「地域のため」と…コロナ専用に移行した病院の葛藤[2021/09/05 18:27]

 5日、東京都では新たに1853人の感染が確認されました。14日連続で前の週の同じ曜日を下回っていますが、依然として高い水準が続いています。亡くなった人は10人、重症者数は4日から3人減り、264人となっています。

 そして現在、21都道府県に出されている緊急事態宣言について政府は、一部延長する方向で調整に入りました。新規感染者数や病床の使用率などを踏まえ、東京、神奈川、埼玉、千葉の4都県は延長される見通しです。大阪など関西の3府県と東海3県は延長するかどうか検討するとしています。これらの地域以外では、医療の逼迫(ひっぱく)度合いや重症者数などに応じて解除に踏み切ることも検討しています。延長幅は2週間から今月いっぱいとする案が出されていて、今週中には正式に決定されます。

 終わりの見えないコロナとの戦い。地域医療を支える使命と経営面で苦悩する病院を取材しました。

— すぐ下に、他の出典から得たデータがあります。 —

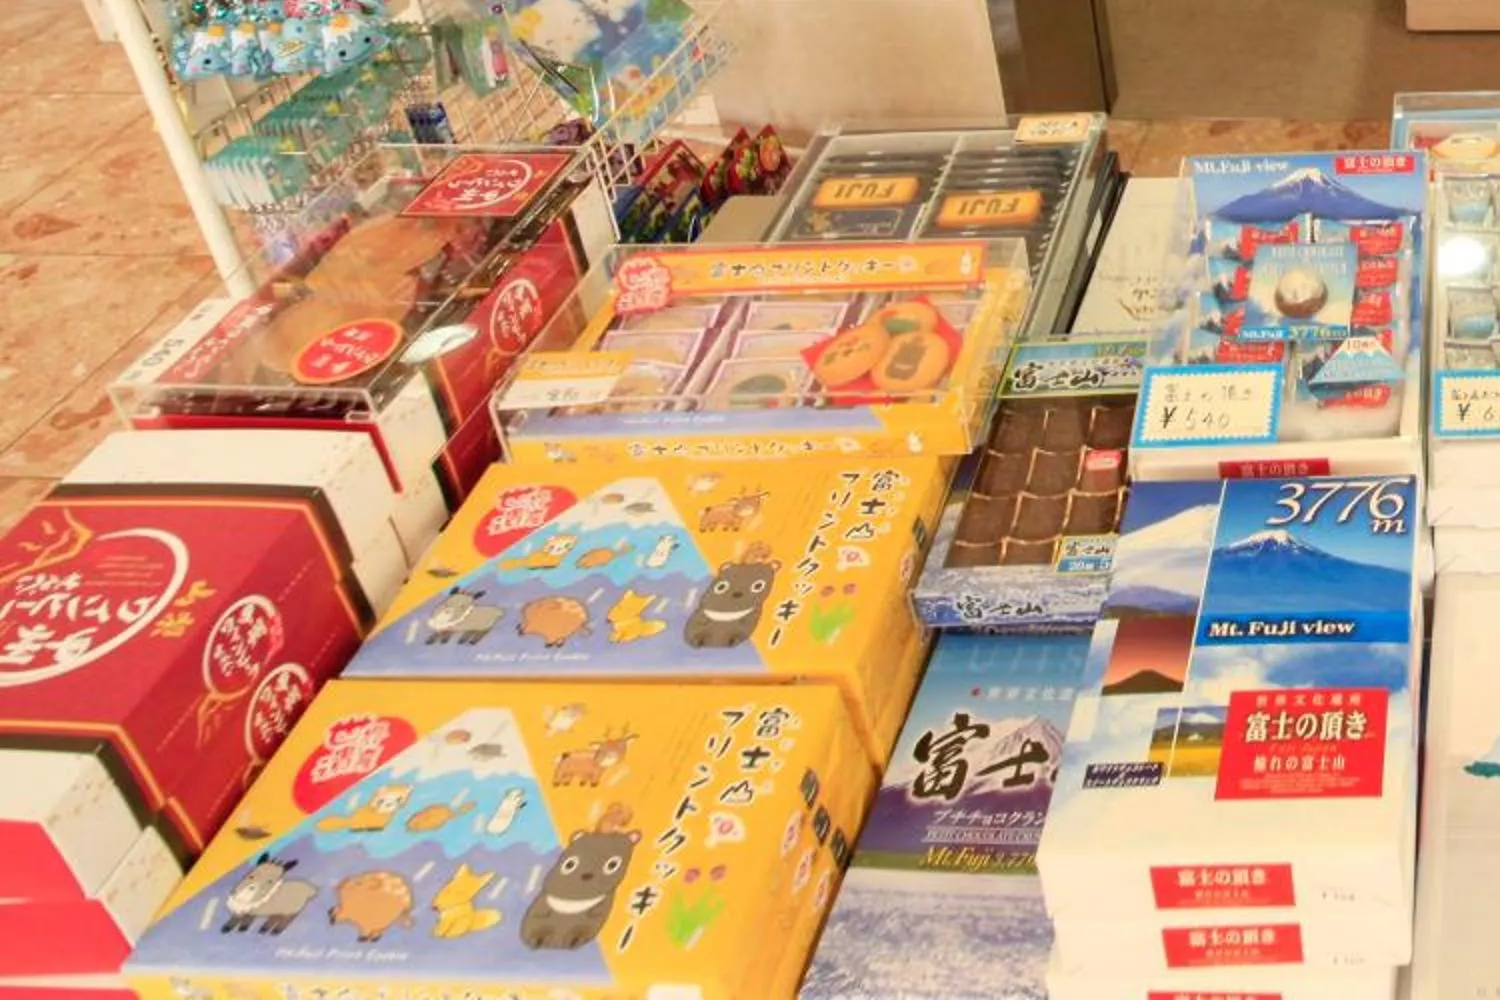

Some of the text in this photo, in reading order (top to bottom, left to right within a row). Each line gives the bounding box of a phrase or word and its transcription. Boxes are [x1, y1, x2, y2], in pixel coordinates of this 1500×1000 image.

[834, 183, 897, 199] FUJI
[959, 201, 1021, 217] FUJI
[1186, 407, 1230, 430] 540
[845, 470, 900, 538] 富士山
[1265, 478, 1410, 525] 3776
[1371, 518, 1407, 533] m
[956, 595, 1044, 620] 富士山
[1208, 619, 1355, 637] Mt. Fuji view
[1244, 710, 1370, 743] 富士の頂き
[719, 707, 790, 802] 富士山
[912, 712, 1060, 801] 富士
[1252, 754, 1347, 774] 憧れの富士山
[1177, 868, 1266, 888] 富士の頂き
[1188, 928, 1277, 948] 富士の頂き

 コロナ治療にあたる埼玉県の民間病院。課題は「病床の確保」でした。

 公平病院・公平誠院長:「第5波のコロナ感染の患者が多くなって、病床を増やしていかないと入院の受け入れも厳しくなるだろうと…」

 病院では先月31日、68あるすべてのベッドをコロナ専用にしました。今月4日までに51床が埋まったといいます。

 主に中等症患者の入院を受け入れ、重症化した場合などは呼吸器を付けて転移先へ搬送されます。

 埼玉県内の新規感染者は、先月19日の2170人をピークに減少傾向にあるものの、入院と宿泊療養を調整している人の数は今月4日の時点で1475人に上っています。

 この病院では外来や訪問診療はこれまで通り行いますが、地域住民からは不安の声も…。

 通院する70代女性:「糖尿病なのでちょっとおっかないですね」

 公平病院・公平誠院長:「結構、心配される。コロナ患者を受け入れ一般診療が減って経営破綻するんじゃないかと」

 コロナの入院病床「1床」につき、支給される25万円の補助金などを受けながら、半年ほど「コロナ専門病院」として運用。その後は、一般向けの病床を戻す予定です。
  
 国や県の経済支援は整ってきたといいますが、不安は消えません。

 公平病院・公平誠院長:「通院してきた患者が通いたくないと中長期的に起きてきた場合には経営面での影響が出る可能性がある」

 重症以外の患者を受け入れても経営に問題がないという病院が福島県いわき市にあります。先月、コロナ病床17床を新たに設置しました。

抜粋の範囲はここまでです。